Enterprising little offender, isn’t he?

 

I had to laugh when reading this report.

A driver in northeastern Spain has tested positive for ‘every possible kind of drug’ after being pulled over by police on Saturday.

Police found high levels of cannabis, amphetamines/methamphetamine, cocaine, opiates; as well as alcohol, with a rate of 0,60 mg/l.

Local police told Euronews that a neighbour in the town of Carcastillo called the police saying that “several people were getting in a vehicle influenced by alcoholic beverages.”

There’s more at the link.

I didn’t know it was possible to test positive for everything!  Wouldn’t that be the sort of result we’d expect a coroner to discover during an autopsy, rather than police during a sobriety check?

I have an uncomfortable feeling that rednecks across the USA, reading this report, are saying to each other, “Dang it, I won’t let some furriner set the record!  Hold my beer and watch this!”

Peter

11 comments

  1. Nah. We get them testing positive for 'everything' more frequently than you'd think. Usually 20-something males with more money than sense.

  2. One of the 'college students' (no, he wasn't) who got ventilated by a cop back in the late 90's in my area was high on coke, heroin, oxys, morphine, cannabis, meth, horse tranqs, lsd and formaldehyde.
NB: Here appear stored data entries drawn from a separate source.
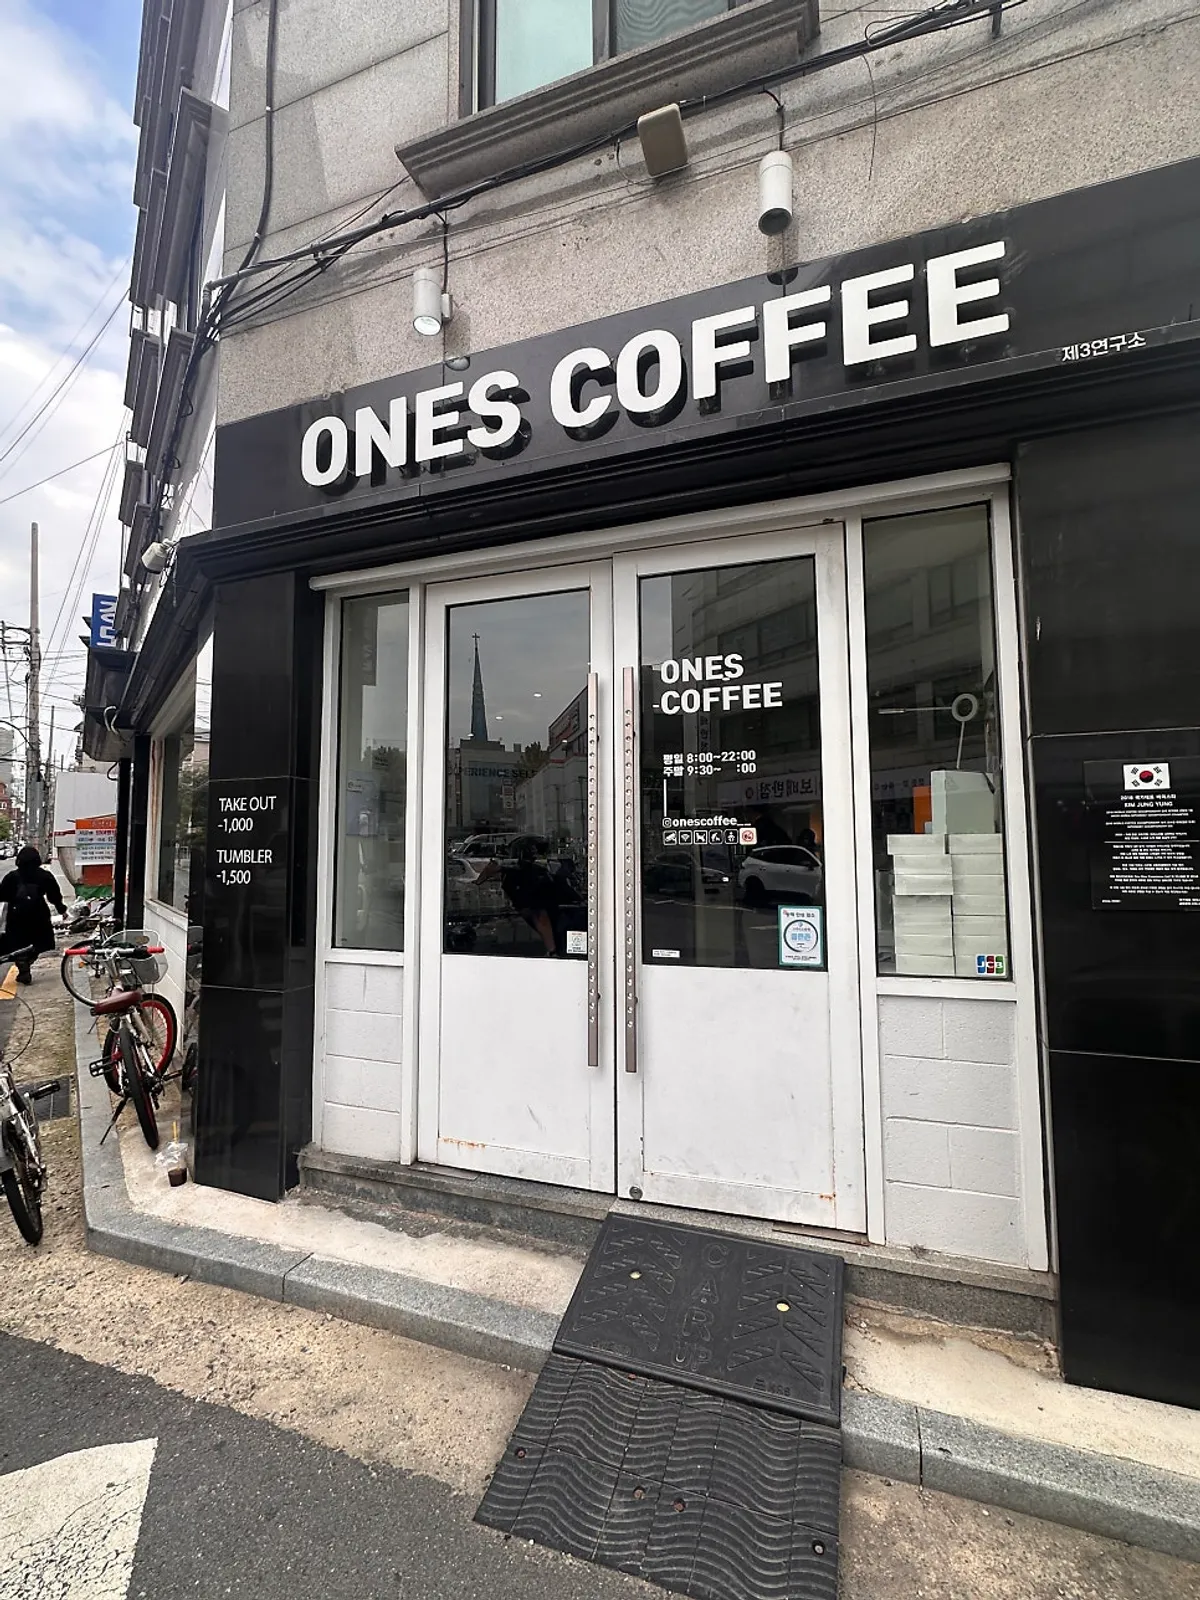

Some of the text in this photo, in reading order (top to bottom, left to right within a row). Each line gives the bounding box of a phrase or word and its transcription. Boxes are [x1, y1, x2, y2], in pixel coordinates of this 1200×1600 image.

[1061, 332, 1146, 362] 제3연구소
[301, 240, 1010, 486] ONES COFFEE
[660, 653, 744, 683] ONES
[660, 682, 783, 715] COFFEE
[663, 749, 756, 765] 평일 8:00~22:00
[663, 765, 684, 777] 주말
[218, 796, 277, 812] TAKE OUT
[217, 817, 254, 834] -1,000
[216, 849, 273, 864] TUMBLER
[216, 869, 251, 886] -1,500
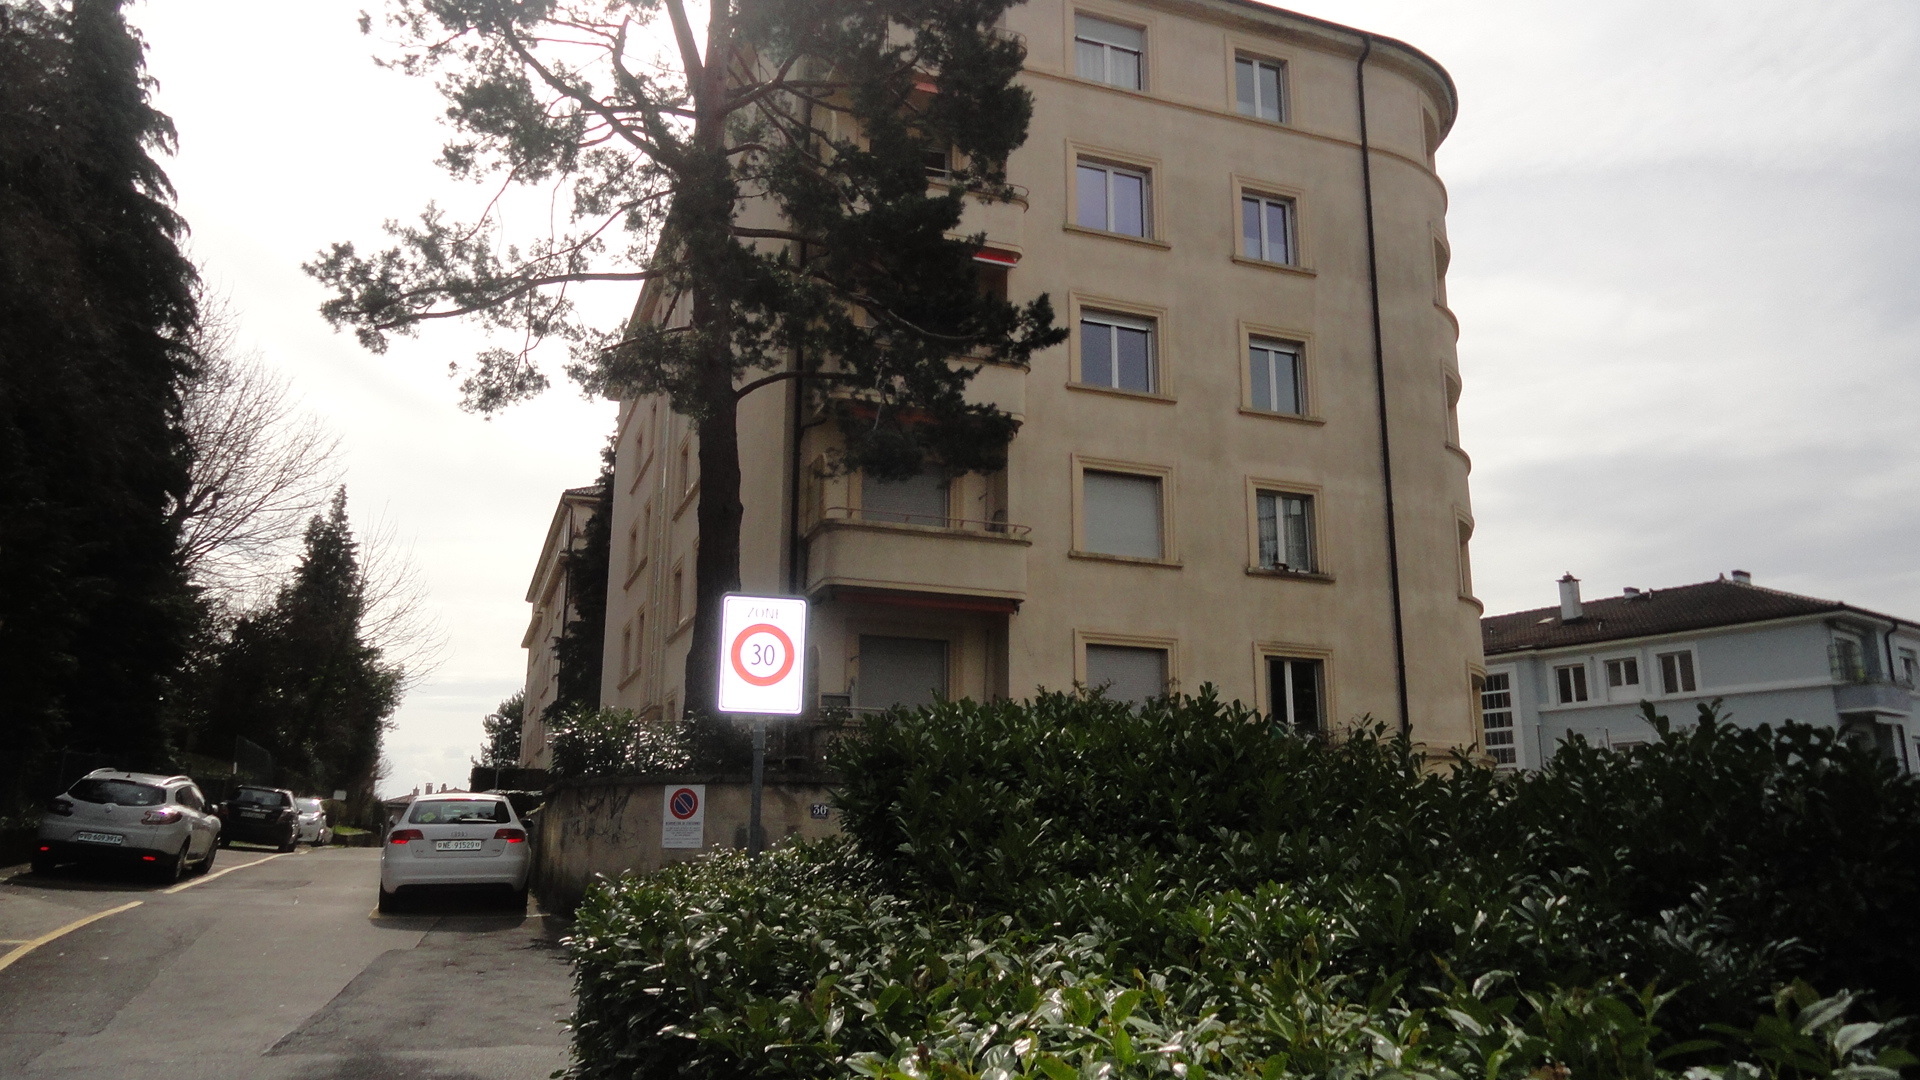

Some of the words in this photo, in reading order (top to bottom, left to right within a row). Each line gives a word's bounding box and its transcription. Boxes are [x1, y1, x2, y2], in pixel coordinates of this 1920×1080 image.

[751, 643, 775, 666] 30
[442, 841, 452, 849] NE
[454, 841, 475, 849] 91529
    I saw the tox report. He wasn't quite at good boy George Floyd levels, but it took 4 blocks after his heart was blown away for him to stop driving.

  3. Wait… BAC of 0,60 mg/l? Isn't that 0.6 parts per freakin' million? Milligrams per (approximately) kilogram? Is that even enough to detect with a normal test?
    Limit in the U.S. is generally 0.08%, or 800ppm, isn't it?
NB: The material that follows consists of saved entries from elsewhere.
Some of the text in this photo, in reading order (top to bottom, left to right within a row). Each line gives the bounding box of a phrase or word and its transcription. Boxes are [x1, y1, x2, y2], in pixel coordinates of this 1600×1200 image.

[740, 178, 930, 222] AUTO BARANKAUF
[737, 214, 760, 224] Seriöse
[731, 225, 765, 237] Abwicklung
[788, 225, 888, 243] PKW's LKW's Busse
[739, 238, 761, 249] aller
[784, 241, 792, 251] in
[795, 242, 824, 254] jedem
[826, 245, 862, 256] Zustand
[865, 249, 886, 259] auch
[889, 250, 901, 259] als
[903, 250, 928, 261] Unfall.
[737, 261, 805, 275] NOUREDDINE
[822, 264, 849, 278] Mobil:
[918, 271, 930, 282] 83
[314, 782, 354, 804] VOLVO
  4. Fear & Loathing in Las Vegas comes to mind.
    We had two bags of grass, seventy-five pellets of mescaline, five sheets of high powered blotter acid, a salt shaker half full of cocaine, and a whole galaxy of multi-colored uppers, downers, screamers, laughers… and also a quart of tequila, a quart of rum, a case of Budweiser, a pint of raw ether and two dozen amyls.
    Not that we needed all that for the trip, but once you get locked into a serious drug collection, the tendency is to push it as far as you can.
    Hunter S. Thompson, Fear and Loathing in Las Vegas

  5. Right US uses percent so a BAC of .1% (over the limit most places it is .08% now) would be 1g/liter (a liter of water is ~ 1kg and blood is effectively salt water so close enough). If those units are right that's quite sober. My bet is the newspaper got the units wrong or reporter read a valu of something else (for example those weird ass units might make sense for blood sugar)

  6. What jen said.

    We regularly get folks who light up every box on the screening tests. 'Taint hard.

    No idea how long the elements remain en corpus to pop on the tests, and the only one we can quantify, to date, is alcohol, on the common tests. I can tell you how drunk you are, and approximate how drunk you were, based on known factors.

    The other boxes just tell me that sometime in the near-recent-past, you had those things onboard. Anything else is inferential, based on clinical presentation. I.e. if you're lethargic, and Narcan works, you're high on opiates.

    Which is a non-zero number of the zombies we get, day in and day out, including the homeless, who can't afford soap or clean socks, but who can and do shoot out the entire Skittles Rainbow of the Big Seven drug categories on every test we administer.

    Usually on top of being clinically crazy.

    When Joe Average discovers the benefits of Rule .22LR applied to the homeless wastoid population, you'll know the Apocalypse has arrived from the hoofprints of the Four Horsemen pawing up the turf.

    And which, unlike four-legged predators, only requires the first and last of the Three S Rule, and leaves dotGov holding the bag on the middle one.

    When that penny drops, it's going to be a bad, bad place out there. I'm frankly amazed it hasn't reached critical mass yet, and if it transpires that it may already have, would be completely unsurprised, other than wondering "What took so long?"